There is a ghastly fascination in peering through a magnifying glass at a purposeful ladybird cramming mealybugs into its mouth with the delight of a five-year-old at a birthday tea. This is biological control in action.

This particular ladybird (Cryptolaemus montrouzieri), a black and brown beast about 4mm long, is one of a whole series of exotic predators which you can let loose in your garden or greenhouse to attack troublesome garden pests.
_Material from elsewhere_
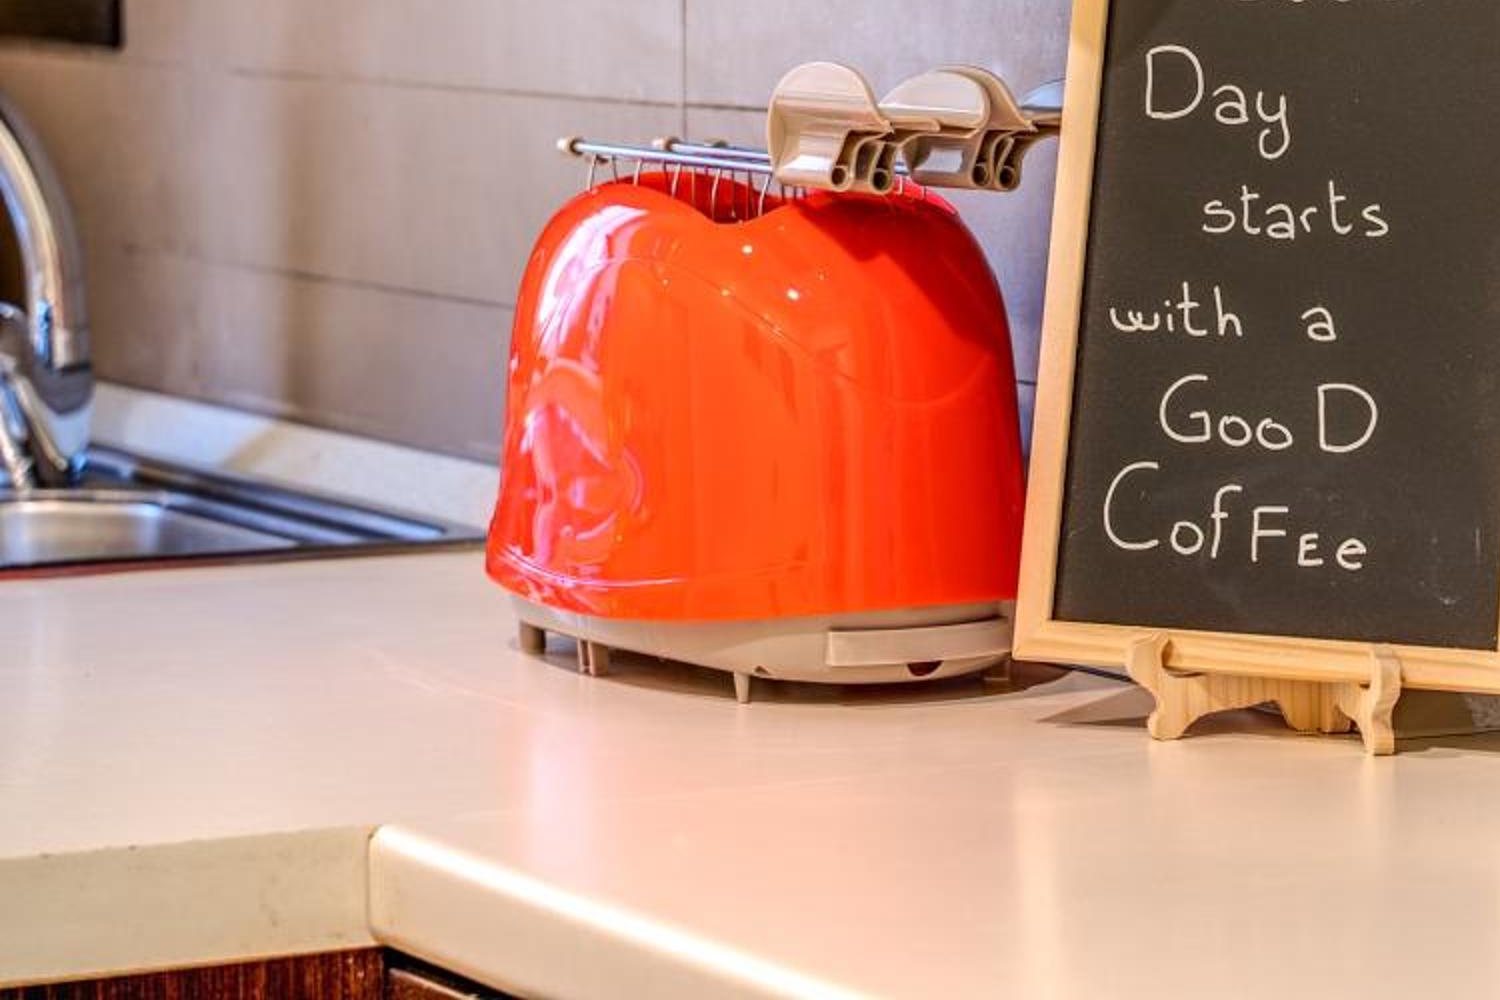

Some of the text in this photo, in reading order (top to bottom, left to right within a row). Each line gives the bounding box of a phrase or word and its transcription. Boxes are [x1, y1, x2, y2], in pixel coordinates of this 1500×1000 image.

[1144, 44, 1292, 161] Day
[1201, 179, 1391, 241] starts
[1108, 280, 1339, 343] with a
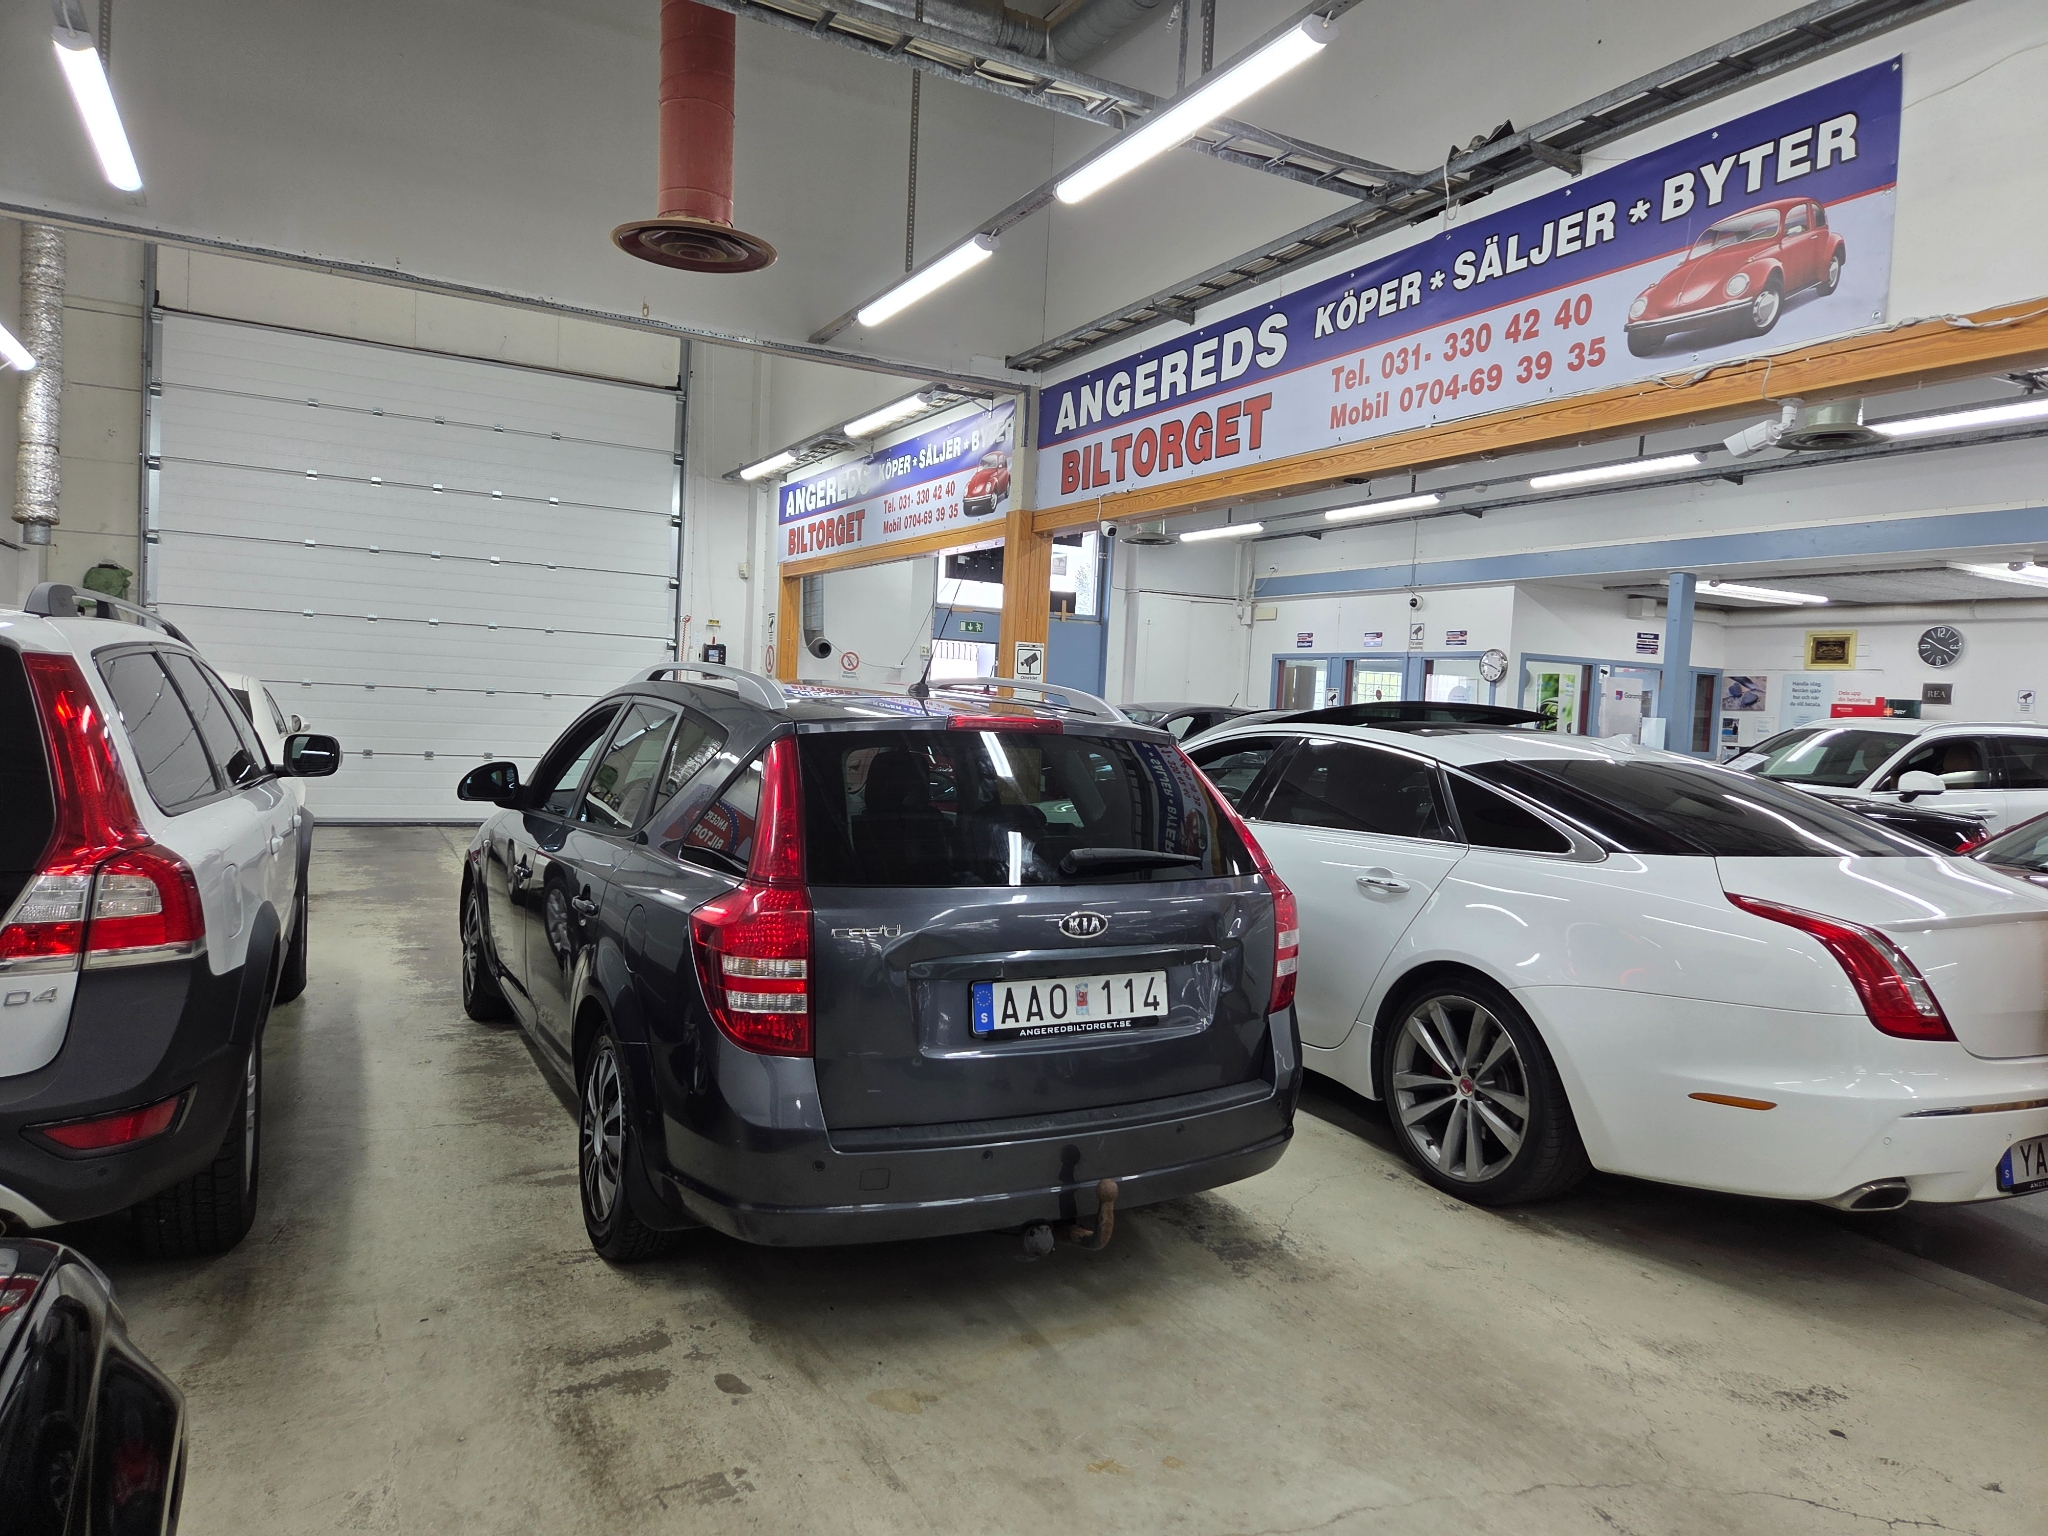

One of the biggest problems associated with biological controls is timing. The parasitic wasp Encarsia formosa (which controls whitefly) works best, for instance, if it is introduced three times at two weekly intervals as temperatures warm up in spring. Hatching at regular intervals, the wasps are then brilliantly poised to take on the whitefly right in the middle of their reproductive cycle. Creating the optimum environment is another problem. The wasp will not work while night temperatures are below 10C/50F and is most energetic in day temperatures of 18C/64F and above. If the temperature's too low, the wasp doesn't breed as fast as the whitefly and so can't keep its end up in the battle.

Black spot

Black spot is a pernicious fungus that attacks the leaves of roses, leaving irregular black blotches over the surface. The leaves eventually fall off and this relentless defoliation severely weakens the bush. It's spread by rain and can be carried from rose to rose on the blades of secateurs. Spores of the fungus overwinter in the soil from leaves that have dropped and reinfect bushes the following year. The disease spreads most rapidly in warm, moist summers.

Clear up and burn affected leaves to minimise the amount of reinfection. Mulch plants thickly in spring to prevent spores splashing up from the surface of the soil. But above all, avoid planting roses, such as 'Grandmere Jenny' or the yolk-yellow climber 'Alchemist' which are particularly susceptible to black spot. Choose, instead, blue-mauve 'Veilchenblau', or pink 'New Dawn' climbing roses which have inbred resistance to the disease. By refusing to buy disease-prone roses, we can force breeders to give us something better.


Germaine Greer, when she wrote a gardening column for Private Eye, used the pseudonym Rose Blight. What could be better? As a word, it is saturated with gloom. It describes how my garden feels on certain days in winter: rotting stems of Brussels sprouts, melting piles of poppy leaves, slimy trails of mollusc. Cosmic blight.

In the more specific sense, blight can be potato blight or tomato blight. They are both fungal infections, discolouring leaf tips and edges, particularly when the weather is warm and moist. Plant potatoes with inbuilt resistance, such as the second earlies 'Baillie', and 'Estima', maincrop 'Diamant' and late maincrop 'Cara'. Avoid varieties known to be prone to attack such as 'Arran Comet', 'King Edward' and 'Ulster Chieftain'. Forget seedling blight and chrysanthemum petal blight. They may never happen.


You, yourself, will never do it of course but you may have to put up with it going on round you. "Oh! I never realised how lucky I'd been with my lapageria until I saw yours." Yours, of course, has never bloomed and now looks as though it is going to throw the towel in altogether. What can you do except grit your teeth and wait for your reward in heaven?